The bomber flipped over inverted and immediately went into a spin.
The instructor waited a bit while the pilot struggled to get out of
the spin, then announced that they were in a standard inverted spin
and proceeded to recover. By the time they pulled out they had lost
many thousands of feet of altitude.
Martin eventually relented it's stance in regards the wing and made
the follow up models with much larger wings and tail surfaces.
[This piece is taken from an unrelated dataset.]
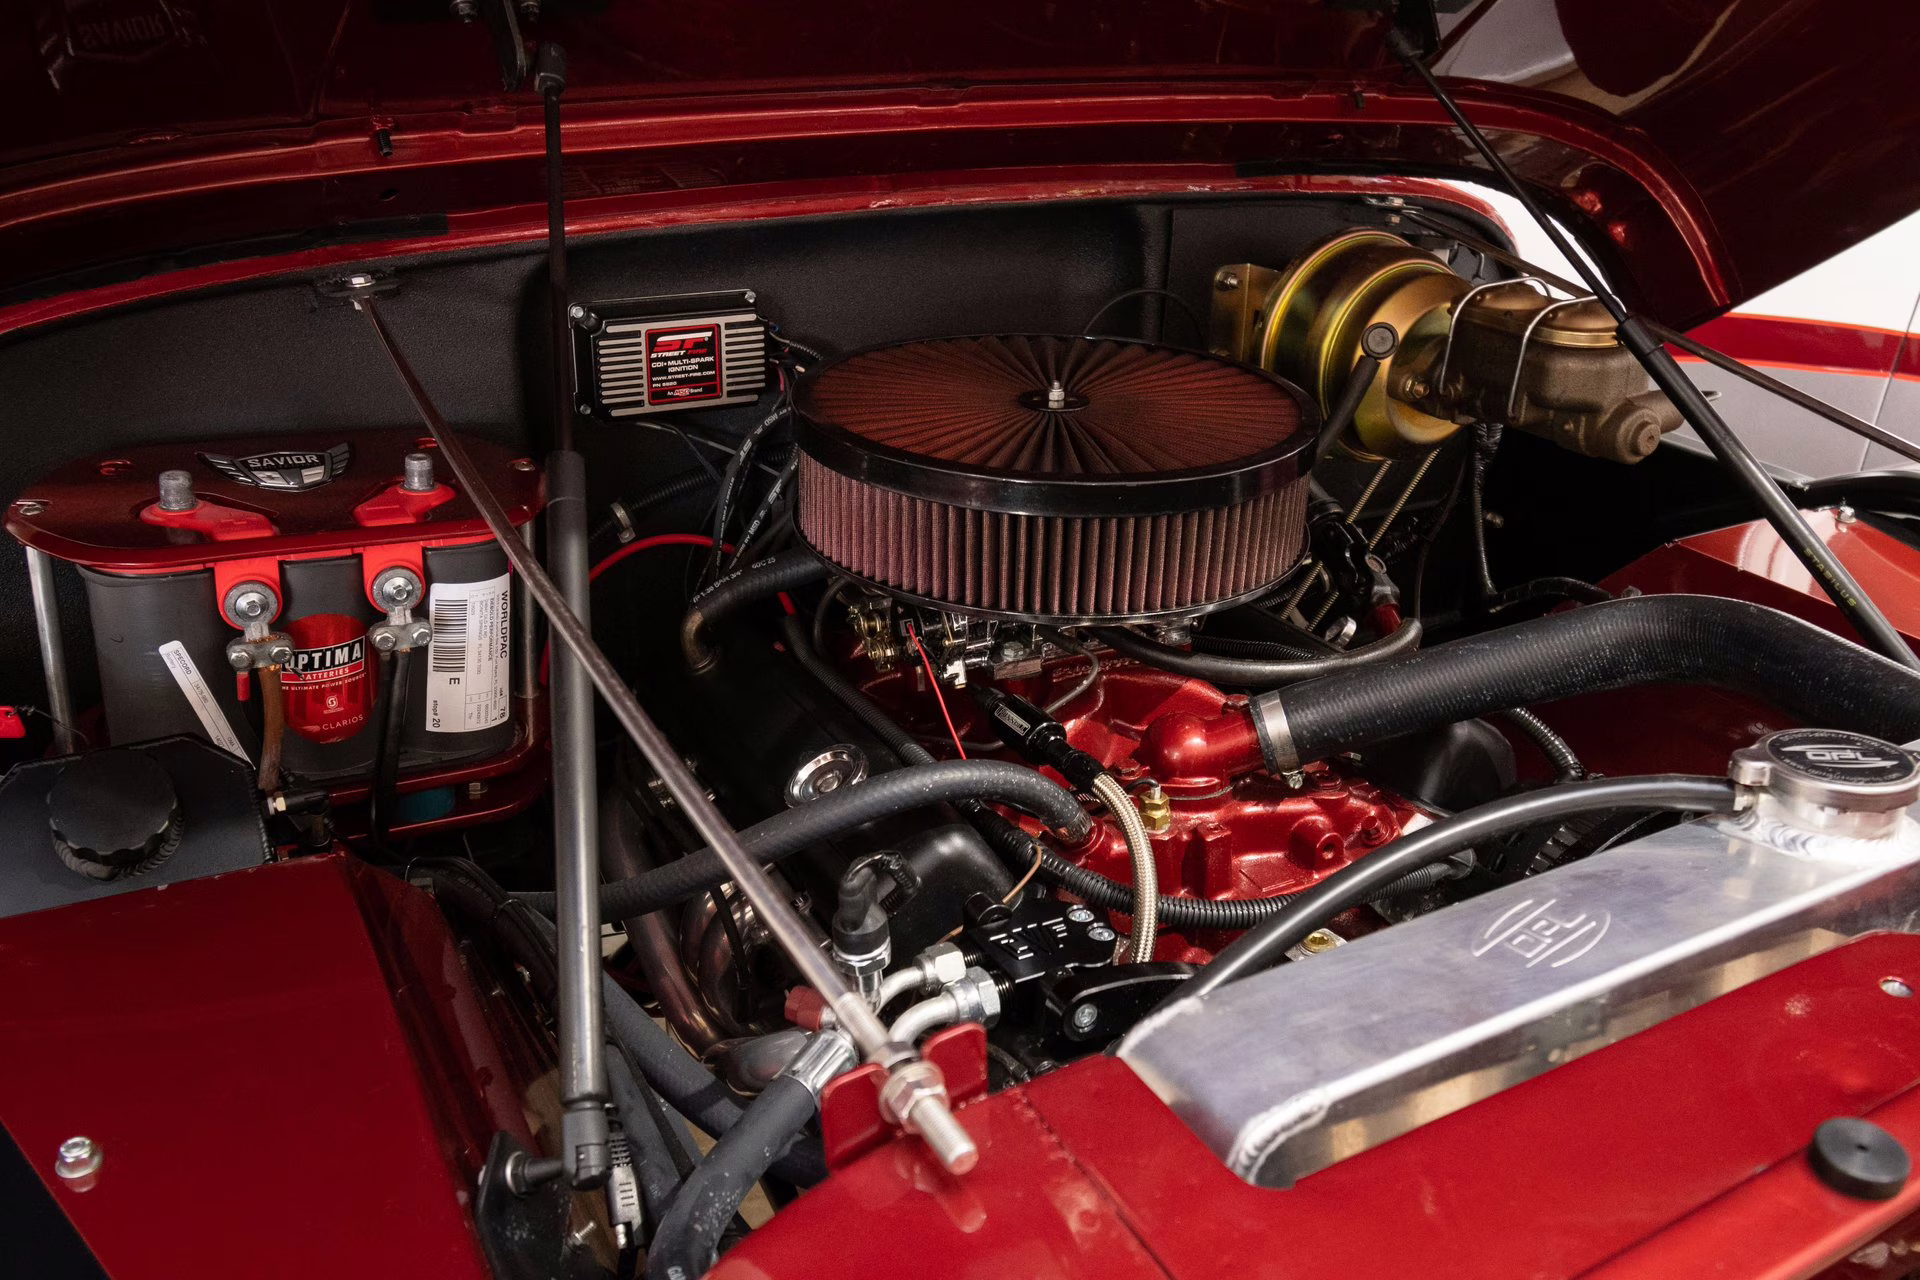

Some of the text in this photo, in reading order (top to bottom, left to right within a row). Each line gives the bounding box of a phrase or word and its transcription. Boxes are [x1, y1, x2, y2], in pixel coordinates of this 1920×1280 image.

In the event, the Marauder had an almost charmed combat career,
suffering one of, if not the, lowest rates of combat lost of any
bomber.
The reason for this was due less to the robust construction of the
bomber or it's flight characteristics than to the Luftwaffe's orders
to concentrate on the heavy bombers at the expense of all other
operations. When the heavies were up, it was usually because the
weather favored visual bombing. That being the case, all other
bombers were usually also flying missions. The Luftwaffe did not have
the numbers to respond to each and every type of enemy incursion, so
they concentrated on the heavies.
So the Marauders kind of drew a bye when they flew on bombing
missions. They even got lucky with the AA artillery because most of
it was removed from the fronts to surround the cities in defense
against the heavy bomber attacks. But the missions were not a piece
of cake as any B-26 combat veteran can tell you, there was plenty
enough AAA still around to make missions harrowing.